Claude Roux, en 1926, corrobore cette thèse en trouvant même des ressemblances entre des graffitis sahariens et les fort douteuses inscriptions préhistoriques trouvées à Glozel, un petit hameau dans le Bourbonnais en France. Il en déduit que les Atlantes avaient étendu leur empire de l’Algérie jusqu’au nord de la France.
Pour le géologue Borchart (un Allemand malgré son nom français), c’est en Tunisie qu’il faut situer l’Atlantide, précisément au centre du chott El-Hameina, un petit lac salé à quelques kilomètres à l’intérieur de la côte, pas loin de la frontière algérienne. Ce lac aurait été relié à la mer par un canal, mais un grand tremblement de terre aurait fait disparaître le lac salé et le canal sous le sable, mettant ainsi fin à la prospérité de l’Atlantide.
Significatif pour Borchart est le fait que la population locale s’appelle les Béni Hammama (au moins au temps de Borchart). Dans le dialecte libre arbitre, leur nom deviendrait At-tala et le lac salé deviendrait ainsi la mer des At-tala, donc des Atlantes. (Je ne garantis pas l’exactitude des noms et des traductions: j’attends du courrier contestataire à ce sujet).

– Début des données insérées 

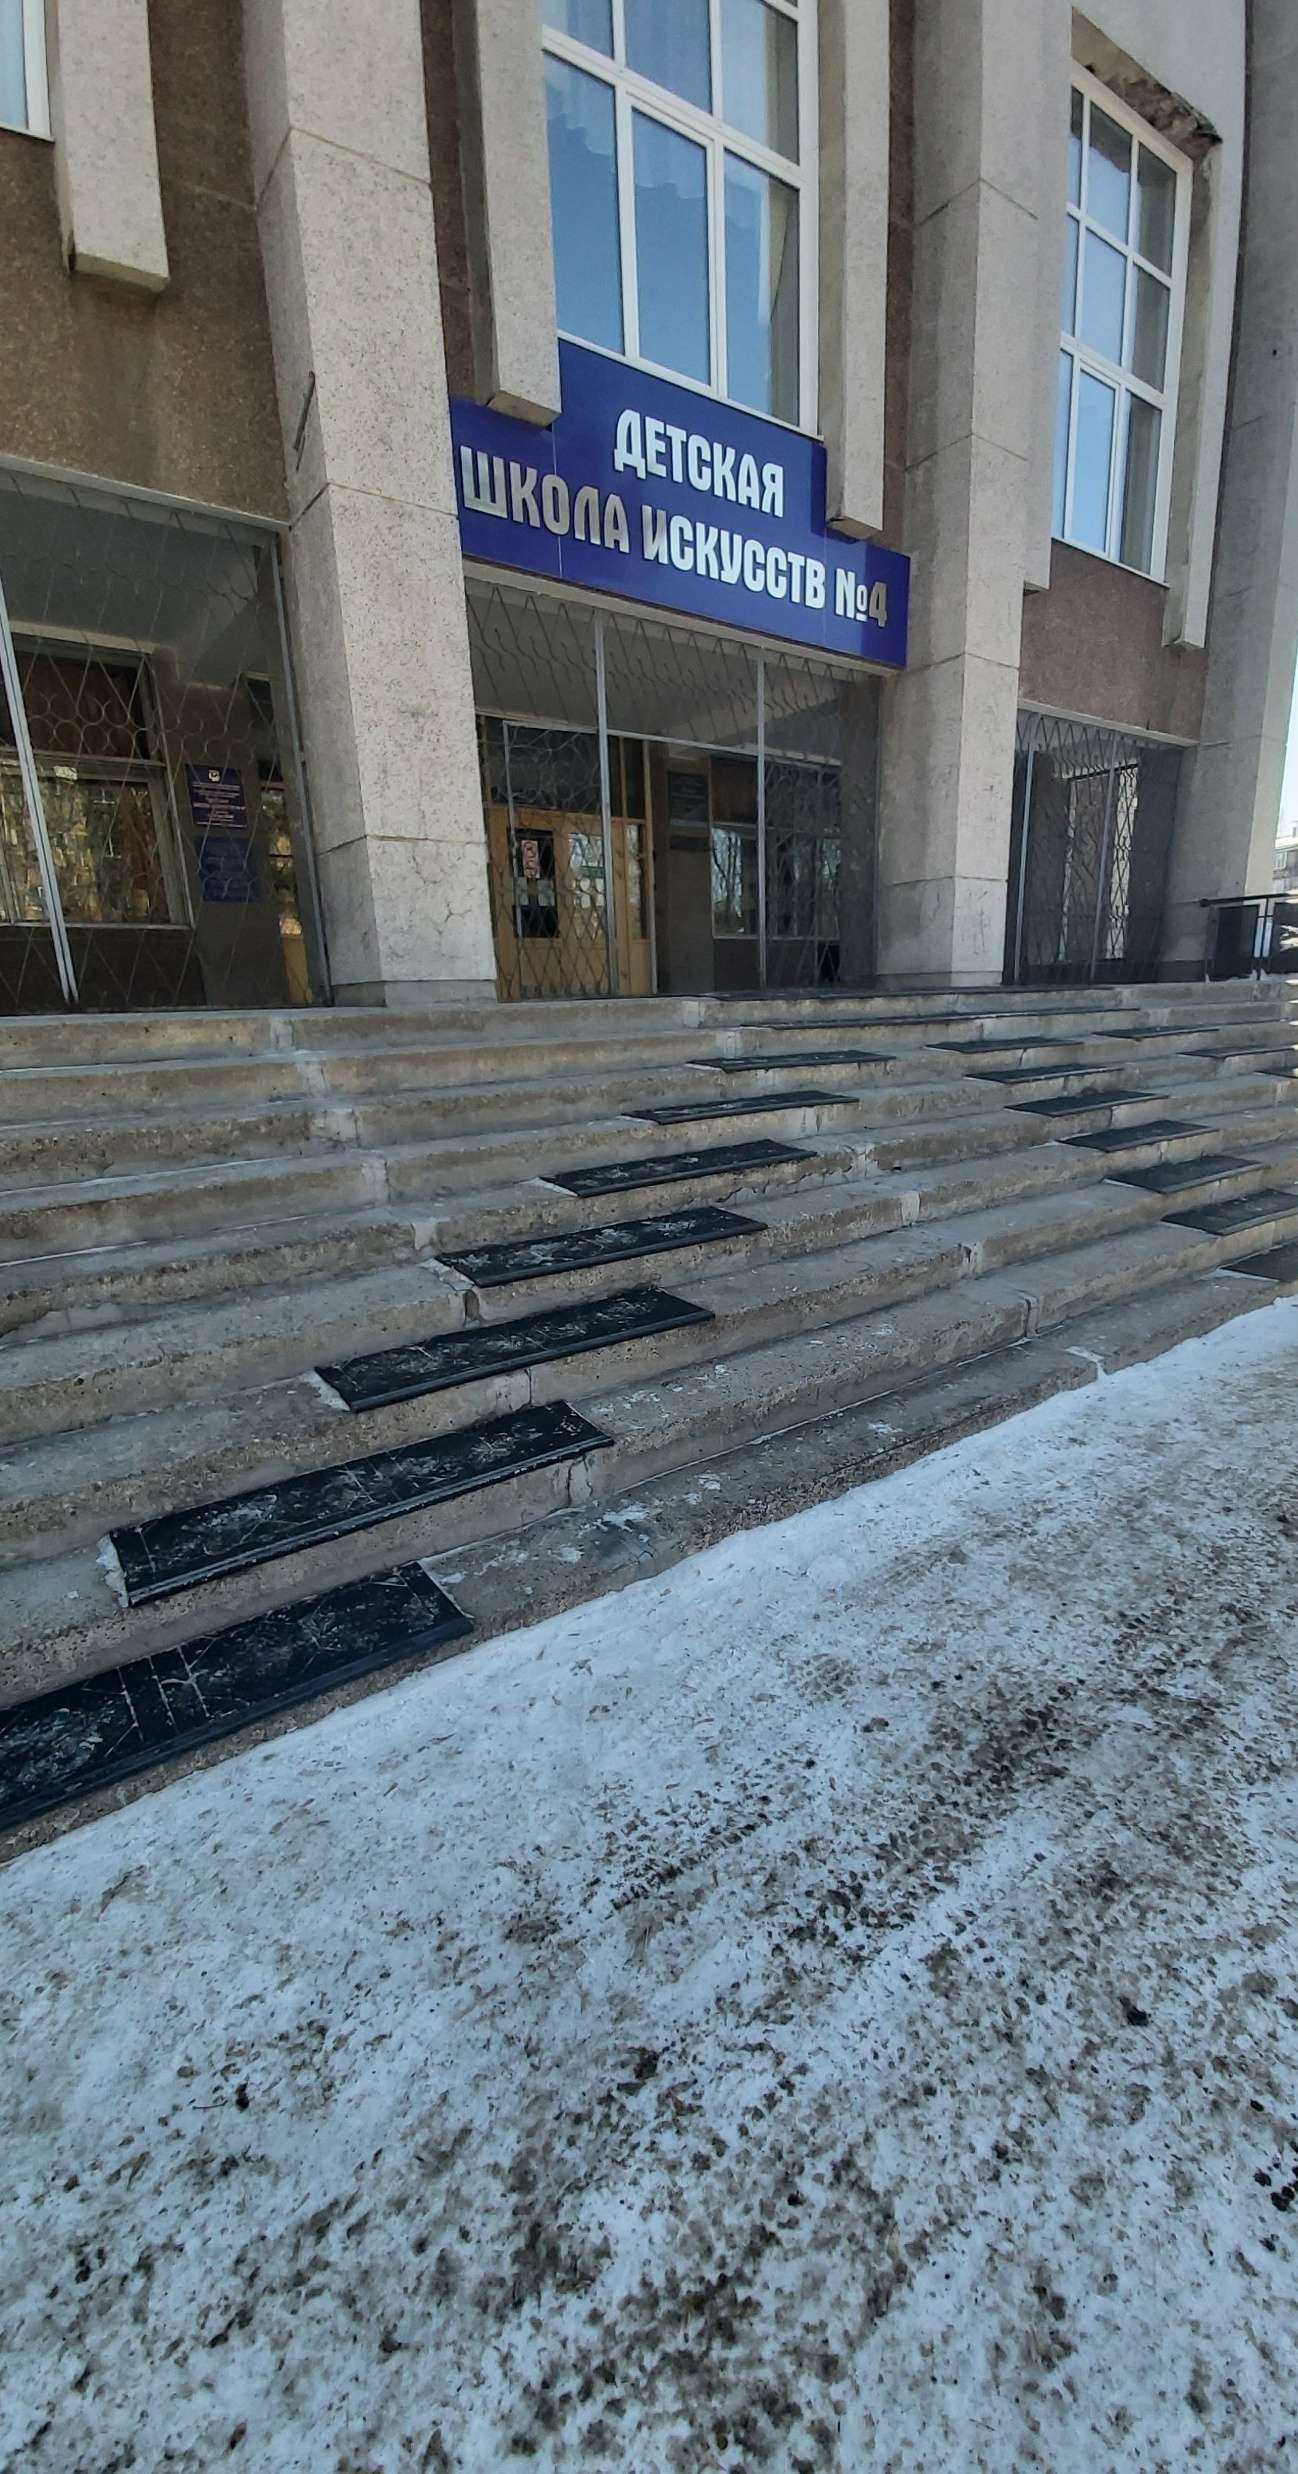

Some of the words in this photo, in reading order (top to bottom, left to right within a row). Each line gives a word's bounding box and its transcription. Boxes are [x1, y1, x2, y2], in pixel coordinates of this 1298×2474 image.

[460, 445, 630, 554] ШКОЛА
[642, 504, 826, 609] ИСКУССТВ
[835, 567, 887, 627] №4
[614, 409, 784, 518] ДЕТСКАЯ

Borchard se trompe, affirme péremptoirement un de ses compatriotes, l’archéologue Herman, c’est plutôt dans le chott El-Djerid qu’il faut chercher l’Atlantide, et plus précisément dans la petite oasis de Rhelissia (introuvable sur mes cartes géographiques).

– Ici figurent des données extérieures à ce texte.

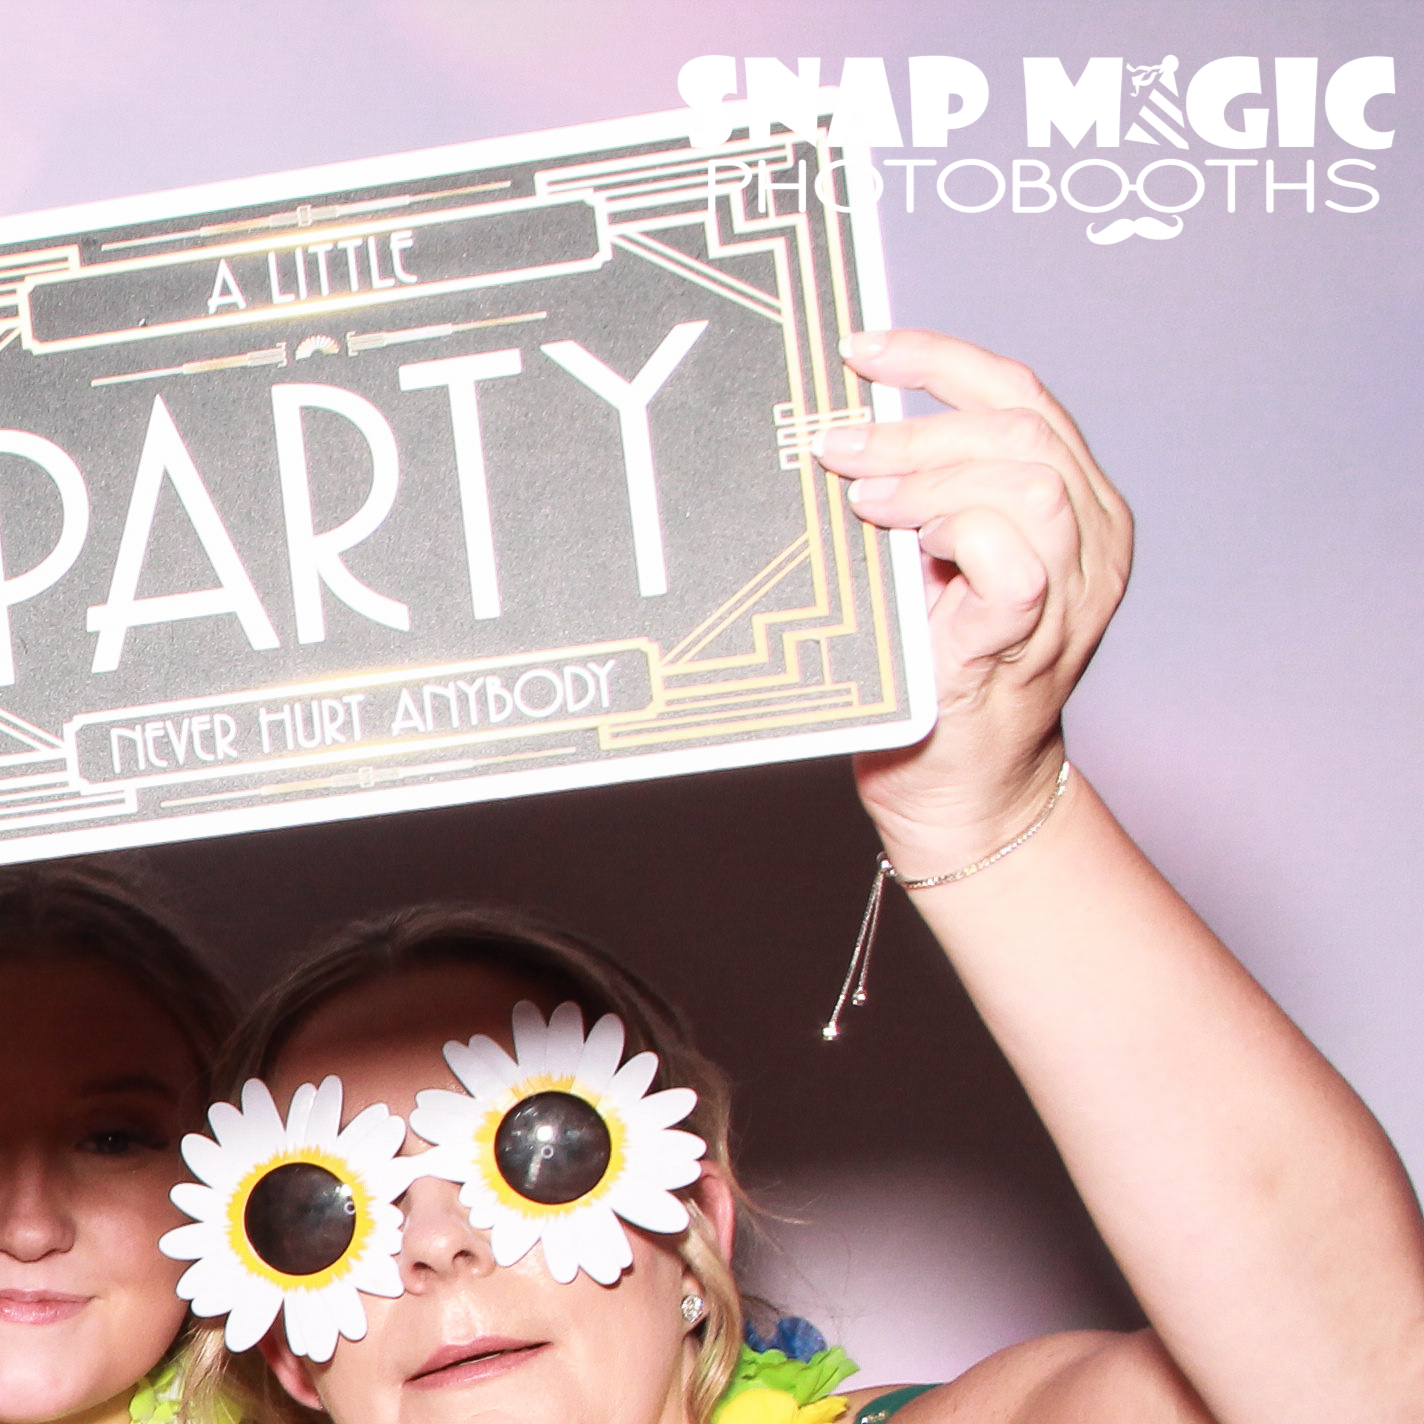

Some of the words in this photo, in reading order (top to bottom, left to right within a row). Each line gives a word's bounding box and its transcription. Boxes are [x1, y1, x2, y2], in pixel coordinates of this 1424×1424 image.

[208, 258, 246, 314] A
[268, 230, 417, 304] LITTLE
[109, 712, 238, 774] NEVER
[259, 694, 365, 753] HURT
[391, 659, 615, 737] ANYBODY

En conclusion, l’Atlantide se serait trouvée en Tunisie, en Algérie ou au Maroc ?
Au fond, je préfère l’incertitude. En effet, au moment où vous me lisez, je suis à El-Oued, dans la belle résidence Eddhaouia de M. Mehri, qui se trouve à une centaine de kilomètres à vol d’oiseau des lieux identifiés par Herman et par Borchard comme les site de l’Atlantide. Je me trouve ici parce que je participe au quatrième Symposium international d’El-Oued, auquel, cette année, sont invités des Tunisiens, des Marocains et des Algériens. On parlera d’économie et d’affaires, mais un peu de fantaisie ne fait jamais mal.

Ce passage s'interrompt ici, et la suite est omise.